Sheila — > Night Crew: <sm>The Hacek people are in heavy discussion with the university administration. They're begging for whatever scraps they can get.</sm>

And the Greater Scooch-a-mout was conciliatory in victory, though it didn't step away from its embrace of the library. "You are welcome as guests, in a library with real books."

Hanson — > Night Crew: <sm>Admin is squealing about that, but the publicity should pay for extra floor space. We've won, gang!</sm>

For some minutes, everything was cool. Ending a riot without a police confrontation or a physical debacle was a little bit anticlimactic, but the riot designers had even more special effects to wind things down. Katie Rosenbaum gathered the spider bots all together, then sent them out to Huynh's mechs for a bizarre "peace dance" — that incidentally cleaned up most of the night's garbage.
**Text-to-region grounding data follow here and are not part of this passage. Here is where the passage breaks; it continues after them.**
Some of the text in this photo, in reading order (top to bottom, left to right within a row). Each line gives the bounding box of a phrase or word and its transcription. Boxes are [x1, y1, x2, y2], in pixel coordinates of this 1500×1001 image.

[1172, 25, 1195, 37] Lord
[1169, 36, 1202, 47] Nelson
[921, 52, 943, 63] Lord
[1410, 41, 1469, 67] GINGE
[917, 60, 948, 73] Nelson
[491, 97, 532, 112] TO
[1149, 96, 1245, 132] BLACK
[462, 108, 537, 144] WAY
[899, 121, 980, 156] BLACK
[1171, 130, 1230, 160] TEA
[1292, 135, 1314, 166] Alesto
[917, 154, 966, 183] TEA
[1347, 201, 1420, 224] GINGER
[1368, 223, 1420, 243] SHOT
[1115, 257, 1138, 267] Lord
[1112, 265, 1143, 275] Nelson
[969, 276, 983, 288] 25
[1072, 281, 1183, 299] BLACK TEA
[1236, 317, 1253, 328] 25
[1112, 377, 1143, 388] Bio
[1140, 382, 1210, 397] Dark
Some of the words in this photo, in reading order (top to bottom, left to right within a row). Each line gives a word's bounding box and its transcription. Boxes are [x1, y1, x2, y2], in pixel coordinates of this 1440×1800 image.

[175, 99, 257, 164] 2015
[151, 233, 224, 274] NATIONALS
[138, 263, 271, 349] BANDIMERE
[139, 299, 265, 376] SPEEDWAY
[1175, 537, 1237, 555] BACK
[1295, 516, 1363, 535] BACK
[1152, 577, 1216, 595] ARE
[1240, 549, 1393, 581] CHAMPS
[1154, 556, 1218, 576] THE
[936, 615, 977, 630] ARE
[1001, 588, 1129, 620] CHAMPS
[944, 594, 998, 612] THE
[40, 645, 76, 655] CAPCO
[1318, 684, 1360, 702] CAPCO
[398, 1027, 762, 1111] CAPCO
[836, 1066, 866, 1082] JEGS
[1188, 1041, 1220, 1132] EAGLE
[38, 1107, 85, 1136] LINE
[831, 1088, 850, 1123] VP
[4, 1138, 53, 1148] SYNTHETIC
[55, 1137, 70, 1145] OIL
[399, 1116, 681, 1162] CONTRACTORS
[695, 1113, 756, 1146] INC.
Tim sensed negotiations going on between the two sides, things being traded, promises made. Dangerous Knowledge retreated into the sky, and both sides played with special effects that were new on this night.

But now, when things should have been getting smoother, there were network problems. Here and there, service was unusably slow or all jittery. It made everyone look bad. Scooch-a-mout still stood by the library, embracing the pillar that had "walked." You hold a heroic gesture that long and you just look stupid. Huynh looked at his mech status board. There hadn't been a Scoochi update for almost seven seconds. That was no way to drive a mech.
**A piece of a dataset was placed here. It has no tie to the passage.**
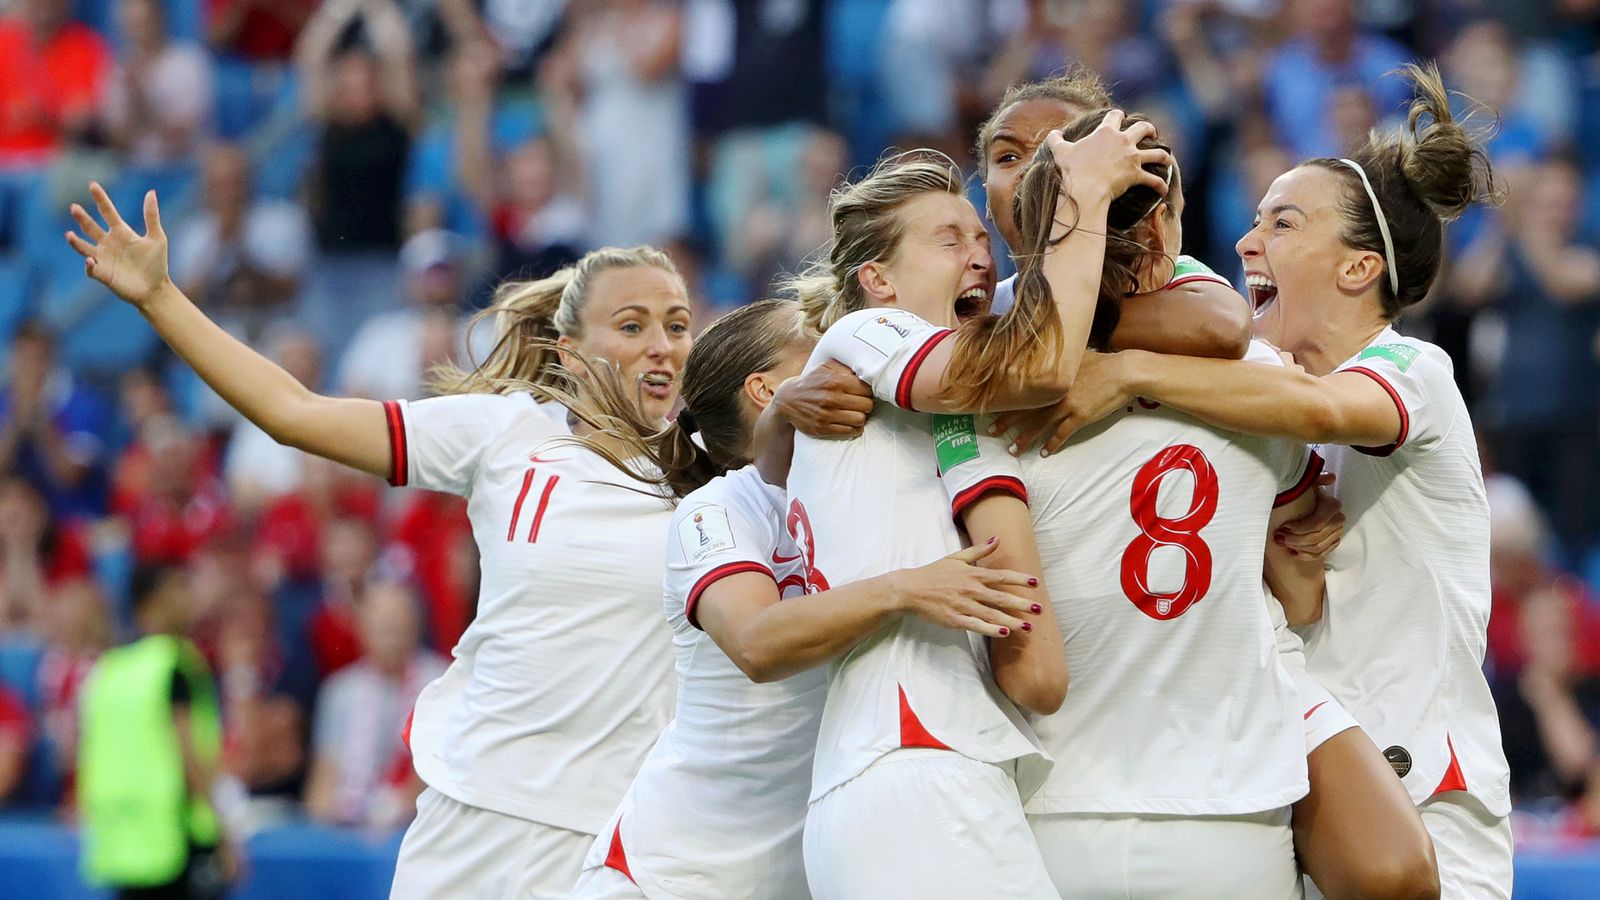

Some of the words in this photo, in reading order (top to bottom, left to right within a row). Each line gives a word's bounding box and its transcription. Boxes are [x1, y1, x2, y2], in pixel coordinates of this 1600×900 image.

[951, 434, 972, 448] FIFA
[507, 467, 560, 544] 11
[1120, 444, 1219, 621] 8
Huynh — > Hanson: <sm>Hey, Sheila. Who's driving the Greater Scooch-a-mout?</sm>

Hanson — > Huynh: <sm>Dunno. He was good, but now he's dropped the ball. It's okay, we're winding down now. Just take control and walk the robot out. No need to look cool.</sm> Then she was messaging the whole night crew, trying to tidy up and get all her GenGen people and gear back where they belonged.
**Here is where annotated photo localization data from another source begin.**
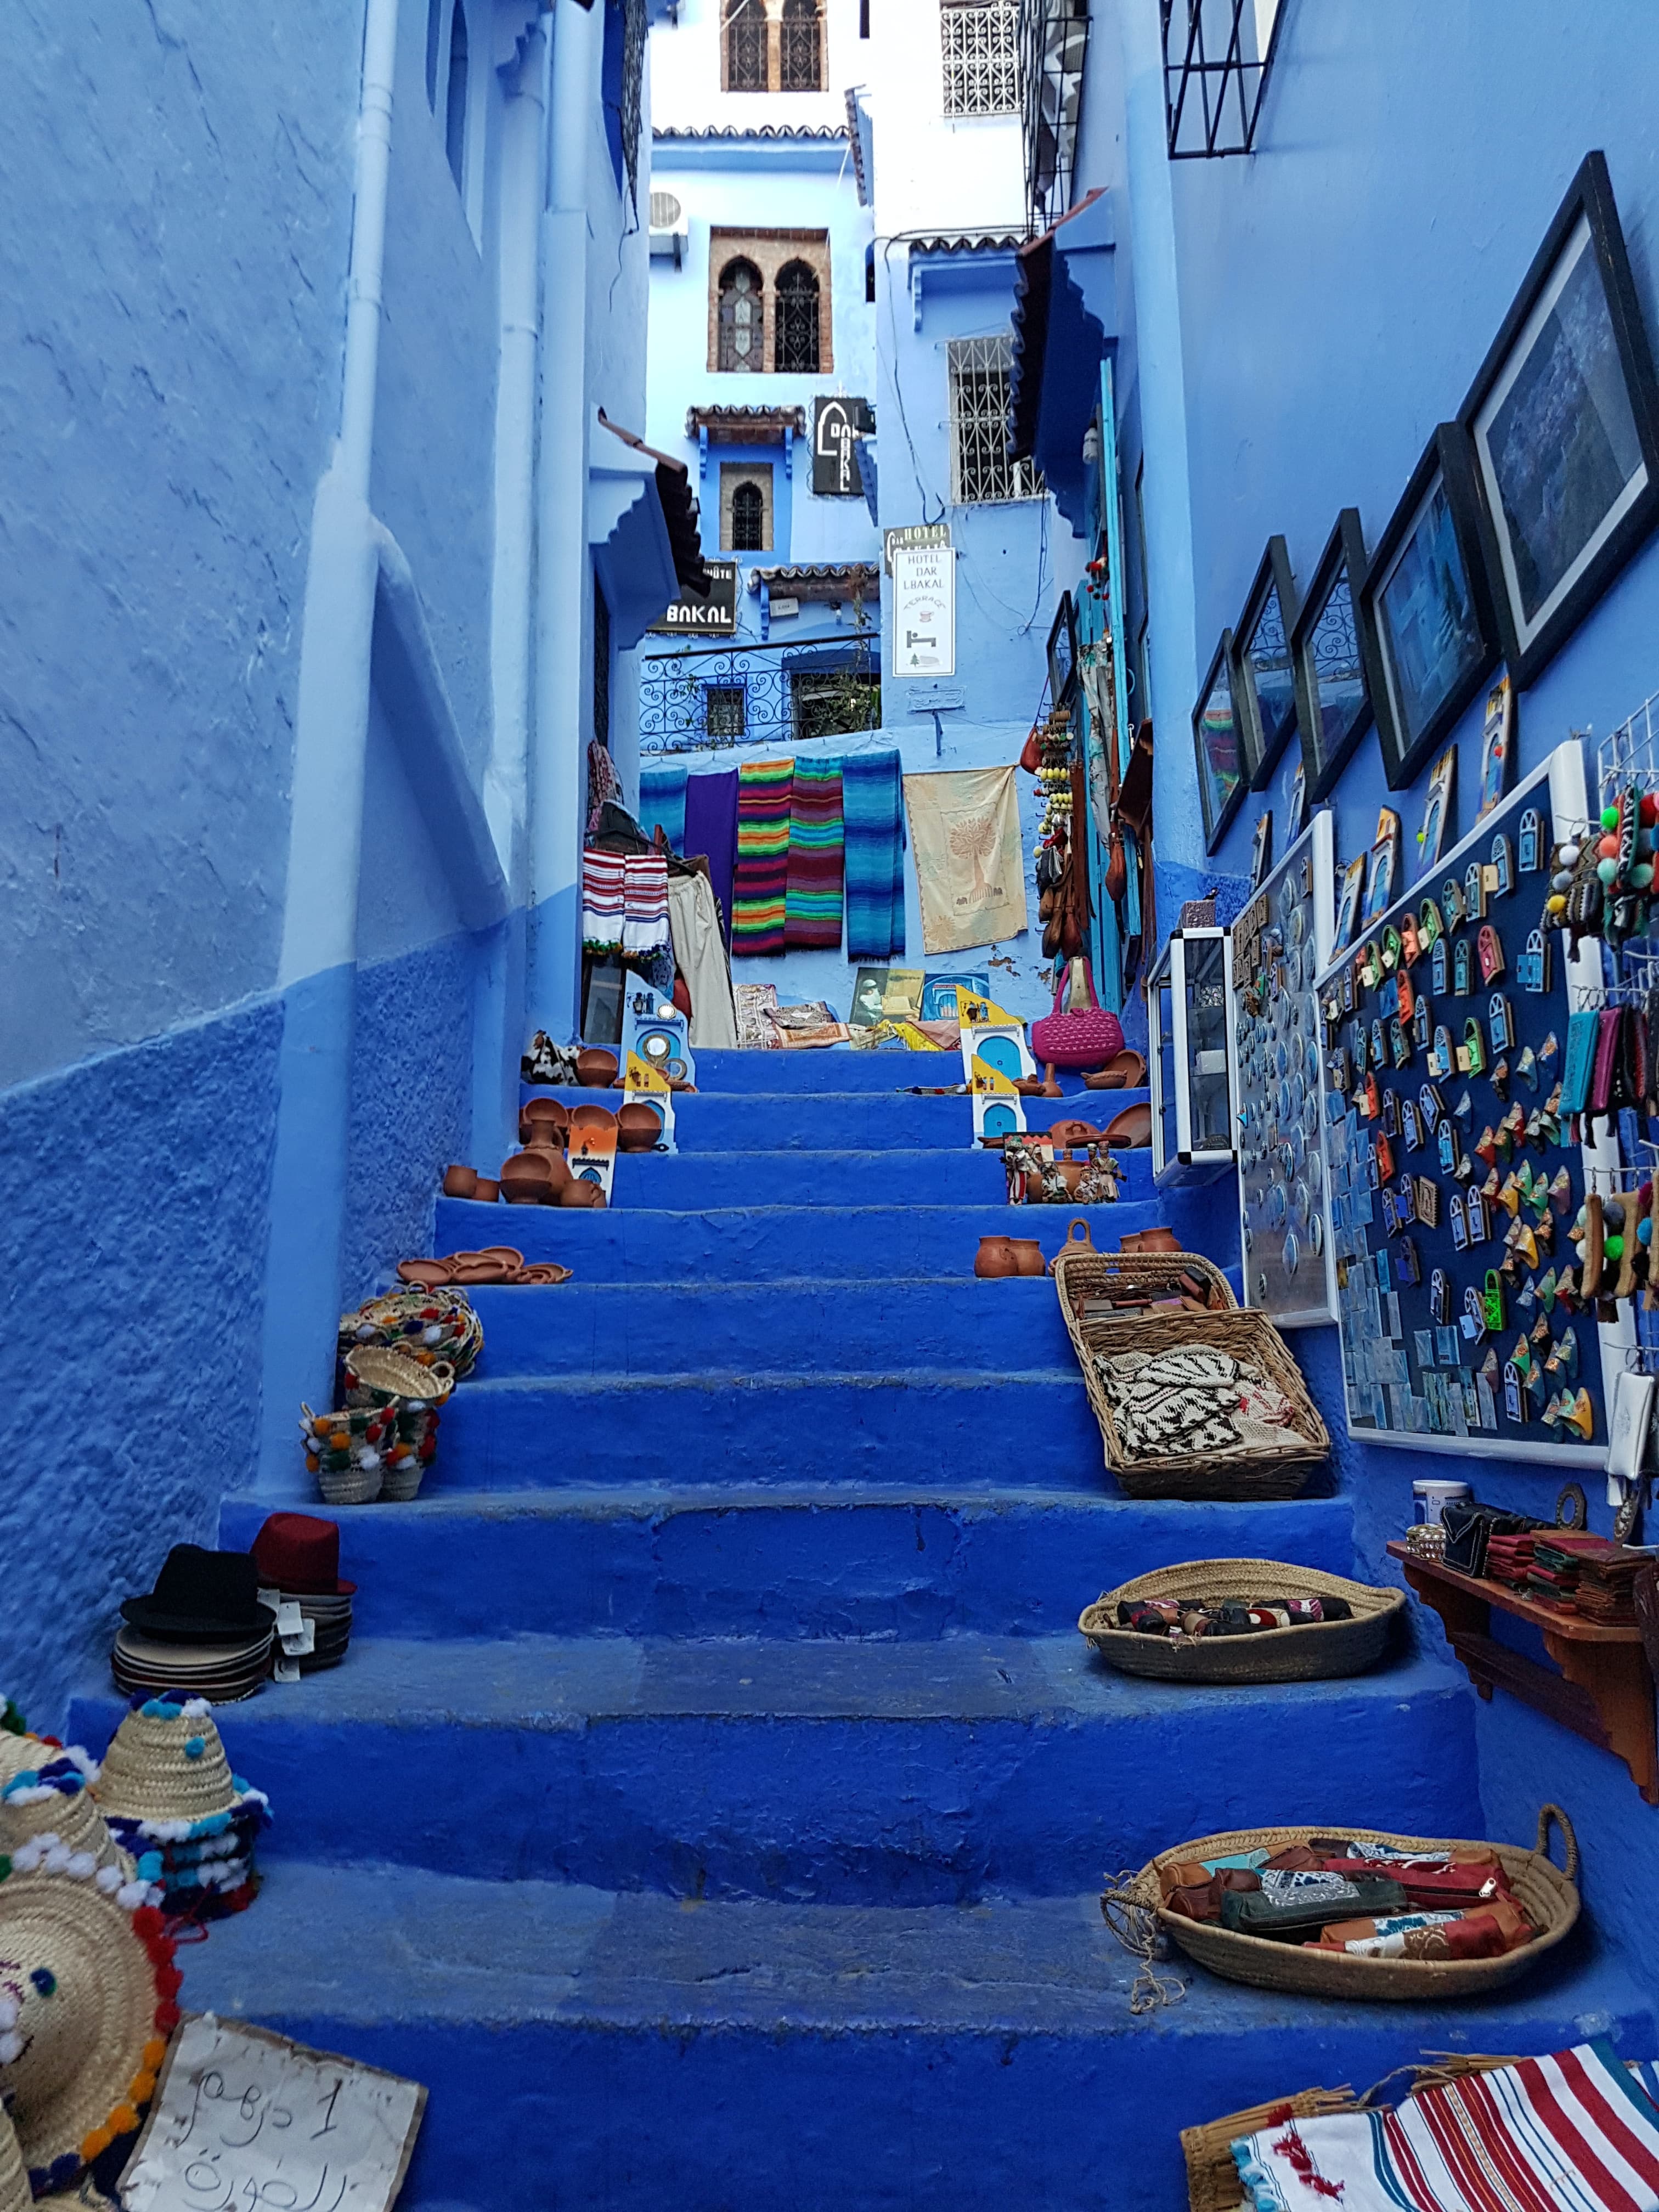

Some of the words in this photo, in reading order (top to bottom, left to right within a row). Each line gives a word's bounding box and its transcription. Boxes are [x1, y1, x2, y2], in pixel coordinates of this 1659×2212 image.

[904, 524, 946, 540] HOTEL
[908, 554, 941, 565] HOTEL
[917, 567, 937, 577] DAR
[904, 596, 946, 610] TERRACE
[667, 605, 731, 623] BAKAL
[175, 2072, 292, 2147] درهم
Huynh drove his forklift toward the Greater Scooch-a-mout mech. He walked along behind and tried to figure some nice way to get the two off the field. His robot's "Mind Sum" mists weren't matching its movements anymore; they looked like crap. Okay. He'd take control of the Greater Scooch-a-mout, and have the two robots give a last high five, and then rumble out together. That would be cool, if not fully so.

Maybe it didn't matter. The network problems were getting a lot worse. There were strange latencies, maybe real partitions. Blocks of the virtual audience were being run on cache. Single-hop still mostly worked, but routed communication was in trouble. Huynh stepped a few feet to the side and managed to find a good diagnostic source. There were certificate failures at the lowest levels. He had never seen that before.

Even the localizer mesh was failing'.

Like the holes in threadbare carpet, splotches of plain reality grew around him, eating out the mists and crowds, revealing the armies of everyday lab mechs. Where there had been hundreds of thousands of players, now there were open stretches of dark lawn, and the crowds of real humans, standing in shock.

"Tim! Your forklift!" The shout was real sound, from Sheila Hanson, just a few feet away.